Devang Kamdar
Devang Kamdar

Reputation: 5927

What is the best (portable and maintanable) Shell Scripting language today?

I know this question has kind-a started "religious" wars in past and there might not be one correct answer. But after working with ksh and csh for last 3-4 years and going through the pain of porting from one to another or applying a common piece of logic to multiple versions (read as legacy code), if I am writing a new script, I would go for ksh, but out of compulsion rather than choice. Is there a better option other than ksh/csh? Also something that is portable across Unixes (Solaris/HP/IBM/FreeBSD) and Linux (and if I am not asking too much or it if does make sense all Linux flavors)

Waiting for suggestions ...

Peace :) Devang Kamdar

Upvotes: 6

Views: 3219

Answers (6)

ShawnMilo
ShawnMilo

Reputation: 6205

Python! Check out iPython, which is an enhanced Python interpreter. Also: Python for Unix and Linux System Adminitration.

You can write great portable scripts, and it's fun.

Upvotes: 0

James Anderson
James Anderson

Reputation: 27478

My answer would be perl.

Does everything 'sh' 'bash' etc can do in a nicer more elegant manner.

Also it is actually more portable. A given version perl is very consistant accross all platforms. There are no significant differences between the Linux, Solaris and AIX distributions whereas porting shell scripts between these platforms is a real pain.

And it works on all windows paltforms! Provided you avoid backticks and "system()" your script has a good chance of running.

Upvotes: 0

Stephen Darlington
Stephen Darlington

Reputation: 52565

I usually use ksh. I find that it's a good compromise between features and portability. It's there (or a compatible version is available) on most Linux boxes and Solaris. It's a while since I used HP-UX (thankfully) but I'm pretty sure it was available there too.

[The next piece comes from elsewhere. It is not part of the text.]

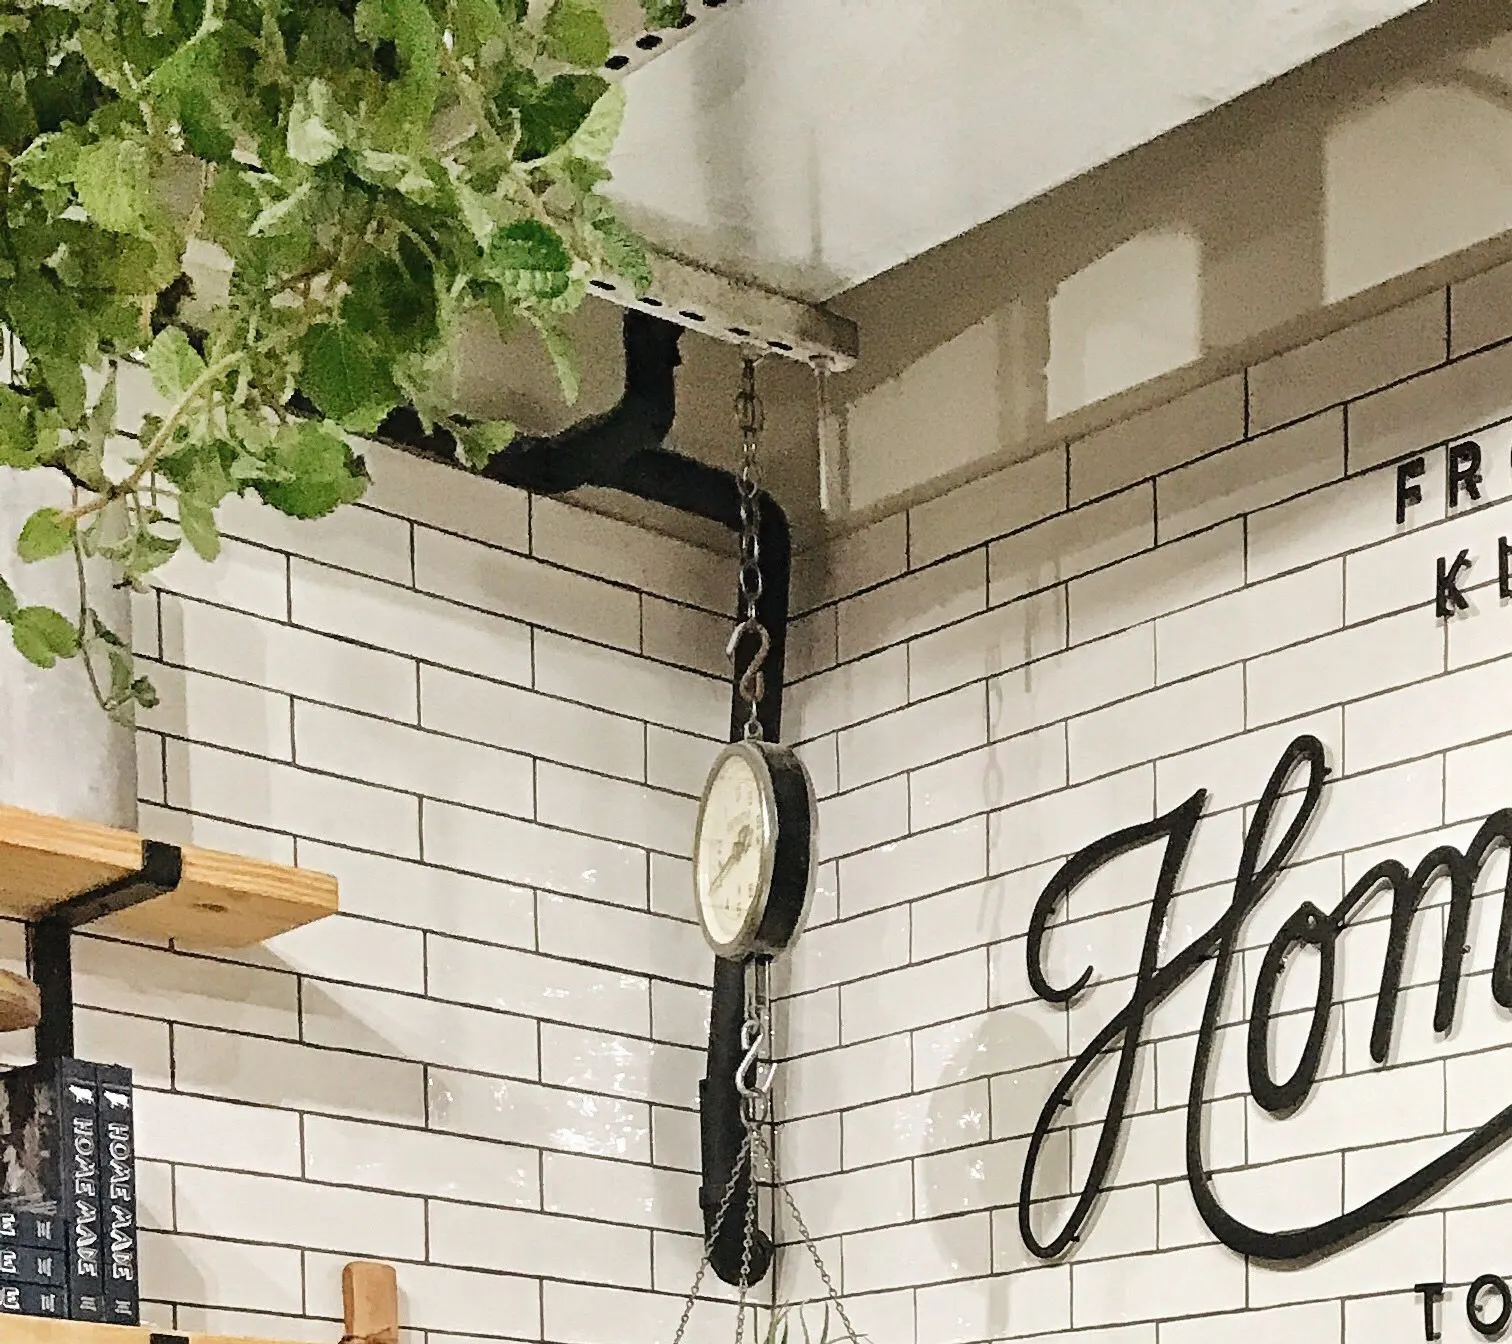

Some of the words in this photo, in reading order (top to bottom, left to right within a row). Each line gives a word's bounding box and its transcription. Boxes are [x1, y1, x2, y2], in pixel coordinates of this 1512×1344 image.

[73, 1116, 97, 1197] HOME
[108, 1123, 131, 1202] HOME
[75, 1200, 98, 1277] MADE
[111, 1205, 133, 1281] MADE

If all the machines you need to support are modern, bash might be an option. Solaris 10 comes with a copy. It's the default on most Linux machines.

Your lowest common denominator is going to be Bourne (sh), so that's worth considering if portability is your main concern. It's missing some of the more friendly features of ksh and bash though.

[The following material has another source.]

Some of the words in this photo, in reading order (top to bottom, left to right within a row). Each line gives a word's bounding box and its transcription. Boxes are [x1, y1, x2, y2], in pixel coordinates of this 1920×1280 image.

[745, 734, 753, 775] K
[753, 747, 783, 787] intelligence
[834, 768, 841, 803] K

It's still worth steering clear of csh/tcsh for scripting. Csh Programming Considered Harmful is an oldie but still largely relevant.

Upvotes: 2

TheMarko
TheMarko

Reputation: 8654

I would expect BASH to be the widest spread shell at the moment since it is the default for many Linux distributions (it can even run on Windows with cygwin, but that's probably true for the other shells, too). An alternative might be to not use the shell itself for scripting but one of the scriping languages out there like perl, python, ruby, ...

Upvotes: 2

mouviciel
mouviciel

Reputation: 67859

I would suggest plain old sh, which is available everywhere.

Also, it is worth noting that portability involves not only shell but also other commands used in a script such as awk, grep, ps or echo.

Upvotes: 9

Matthew Flaschen
Matthew Flaschen

Reputation: 284927

If you really want it to be portable (I don't know that any shell-script is maintainable), I would specify #!/bin/sh and test with dash and if possible other shells.